*** RECORD SET Section Begins ***

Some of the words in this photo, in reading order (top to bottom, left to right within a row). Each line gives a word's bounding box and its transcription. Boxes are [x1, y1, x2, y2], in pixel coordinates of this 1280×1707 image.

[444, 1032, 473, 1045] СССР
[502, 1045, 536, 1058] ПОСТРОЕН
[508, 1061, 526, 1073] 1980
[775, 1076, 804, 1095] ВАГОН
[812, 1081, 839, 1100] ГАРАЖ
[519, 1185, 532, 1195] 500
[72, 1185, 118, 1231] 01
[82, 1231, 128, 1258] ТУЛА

*** RECORD SET Section Ends ***

— YOUR INSTRUCTIONS —
Output every line above so that it reads exactly as before.

— TASK SOLUTION —
Some of the words in this photo, in reading order (top to bottom, left to right within a row). Each line gives a word's bounding box and its transcription. Boxes are [x1, y1, x2, y2], in pixel coordinates of this 1280×1707 image.

[444, 1032, 473, 1045] СССР
[502, 1045, 536, 1058] ПОСТРОЕН
[508, 1061, 526, 1073] 1980
[775, 1076, 804, 1095] ВАГОН
[812, 1081, 839, 1100] ГАРАЖ
[519, 1185, 532, 1195] 500
[72, 1185, 118, 1231] 01
[82, 1231, 128, 1258] ТУЛА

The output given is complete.